■ EXERCISE PROMPT:
An exact restatement of the data below, with the pictures removed, is the required answer.

Collection entries:
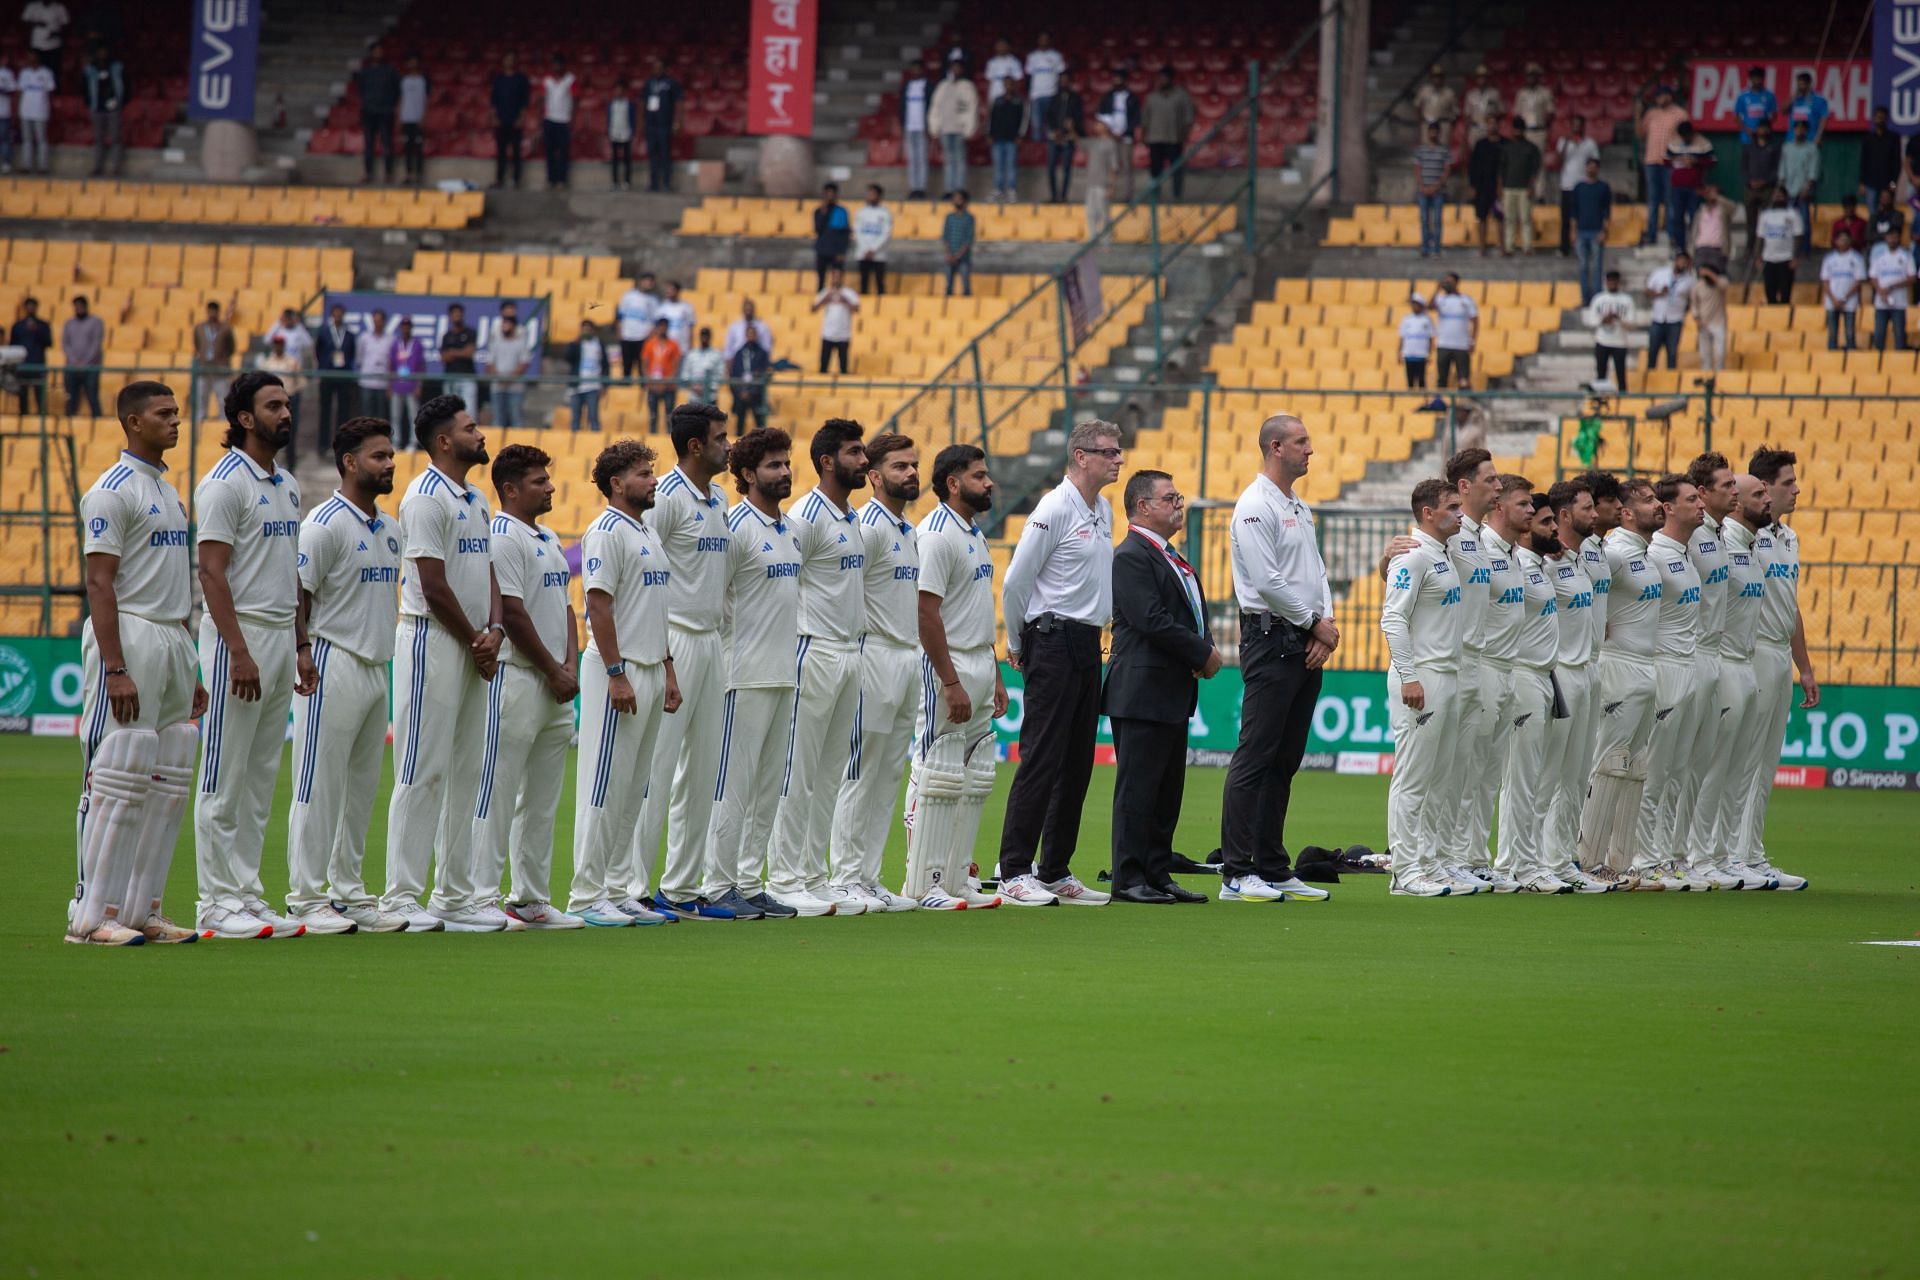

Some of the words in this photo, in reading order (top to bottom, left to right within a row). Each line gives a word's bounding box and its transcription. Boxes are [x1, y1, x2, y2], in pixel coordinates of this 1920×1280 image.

[1705, 564, 1728, 584] ANZ
[1497, 587, 1523, 603] ANZ
[1567, 592, 1592, 609] ANZ
[1677, 586, 1700, 604] ANZ
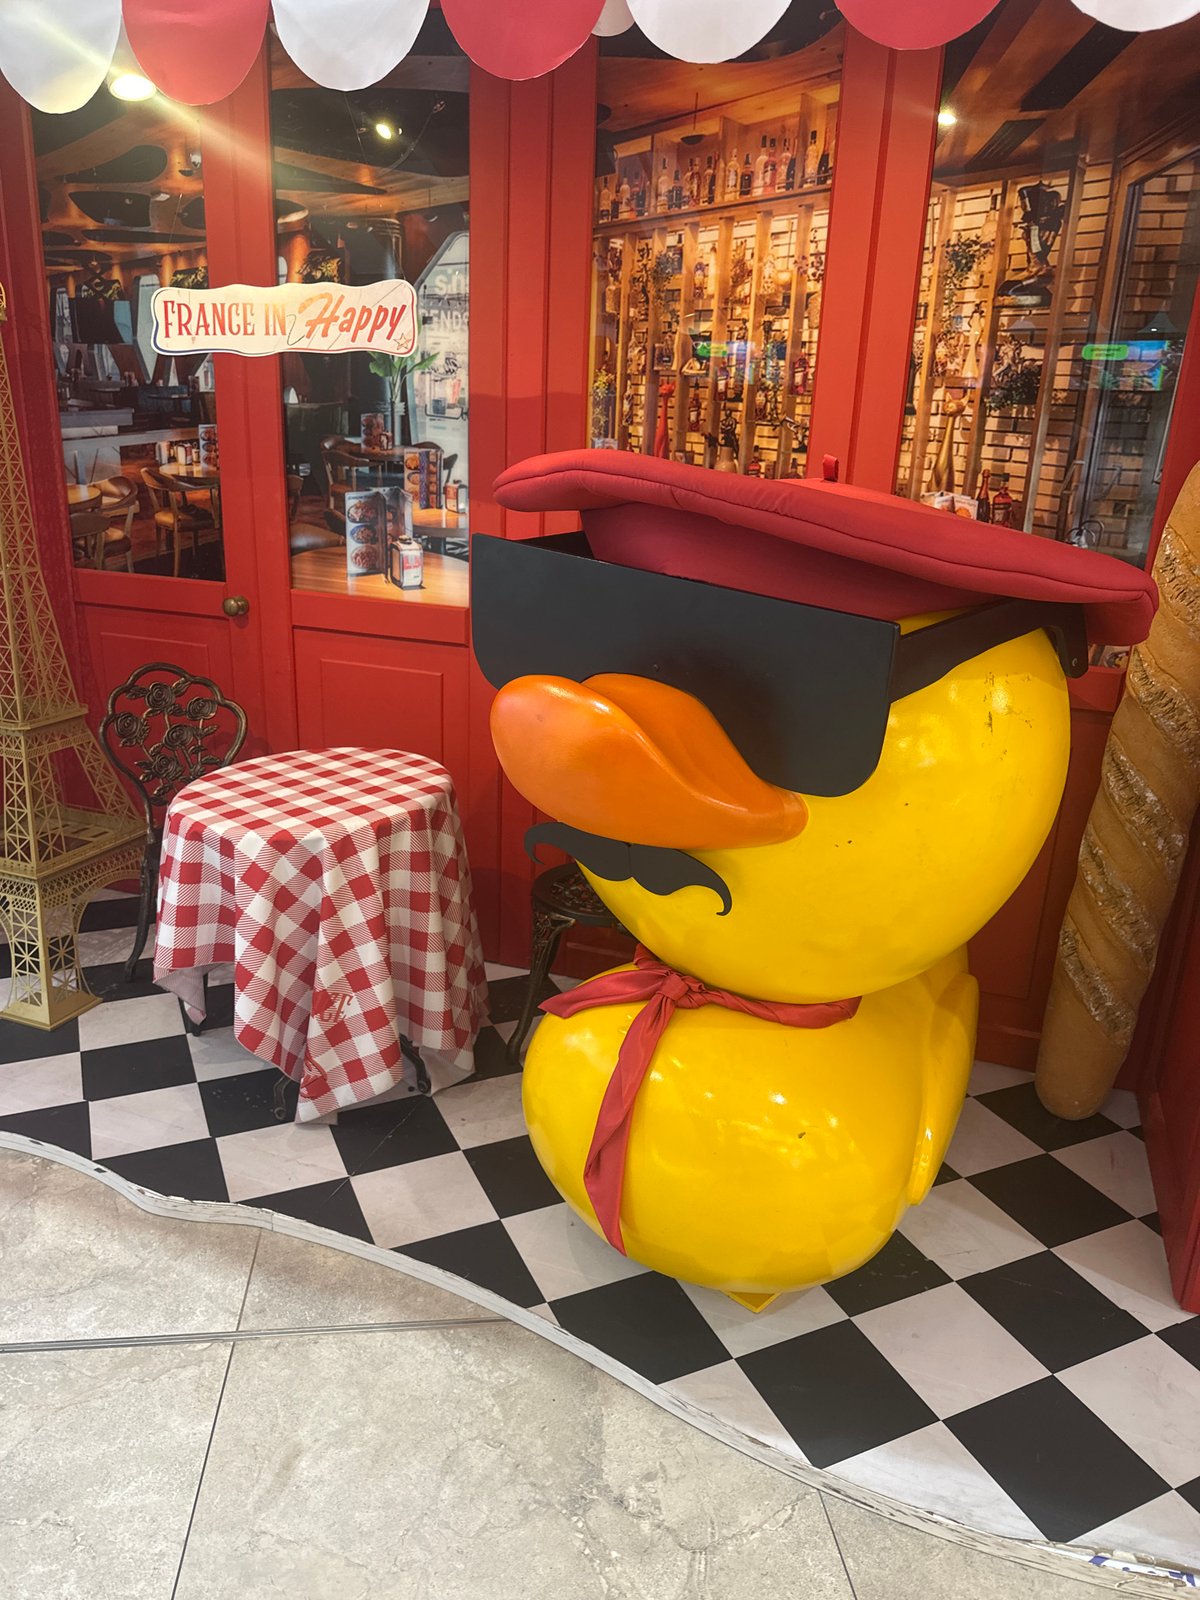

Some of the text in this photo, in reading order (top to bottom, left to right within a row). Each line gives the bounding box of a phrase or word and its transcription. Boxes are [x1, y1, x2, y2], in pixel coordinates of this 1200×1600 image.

[162, 291, 407, 343] FRANCE IN Happy
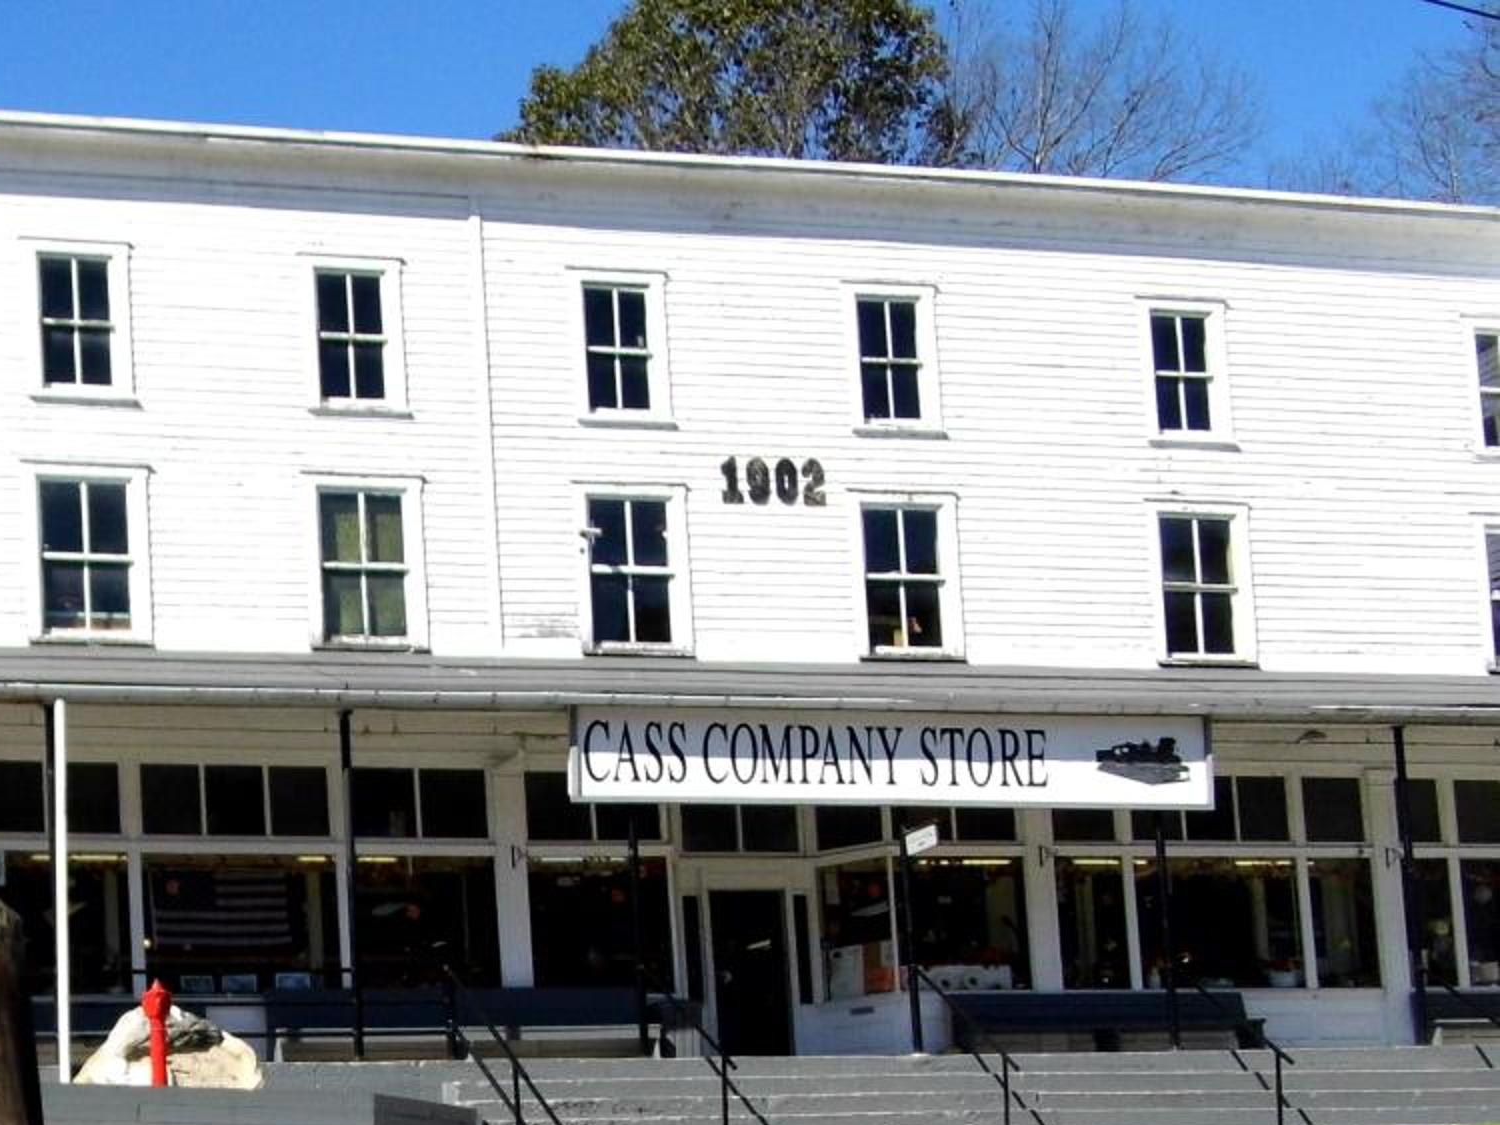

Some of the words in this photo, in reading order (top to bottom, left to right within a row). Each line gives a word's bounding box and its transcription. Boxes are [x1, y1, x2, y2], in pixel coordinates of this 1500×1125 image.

■ SOLUTION FOR THIS PROBLEM:
Some of the words in this photo, in reading order (top to bottom, left to right within a row). Each line gives a word's bounding box and its transcription. Boxes are [x1, y1, x2, y2], in pixel coordinates of this 1920×1280 image.

[1705, 564, 1728, 584] ANZ
[1497, 587, 1523, 603] ANZ
[1567, 592, 1592, 609] ANZ
[1677, 586, 1700, 604] ANZ

Some of the text in this photo, in reading order (top to bottom, left to right within a row). Each line gives the bounding box of a phrase or word and its transcription. Boxes are [x1, y1, x2, y2], in pixel coordinates of this 1200×1600 image.

[162, 291, 407, 343] FRANCE IN Happy

Some of the words in this photo, in reading order (top to bottom, left to right within a row). Each line gives a word's bounding box and its transcription. Boxes are [x1, y1, x2, y2], in pixel coordinates of this 1500×1125 image.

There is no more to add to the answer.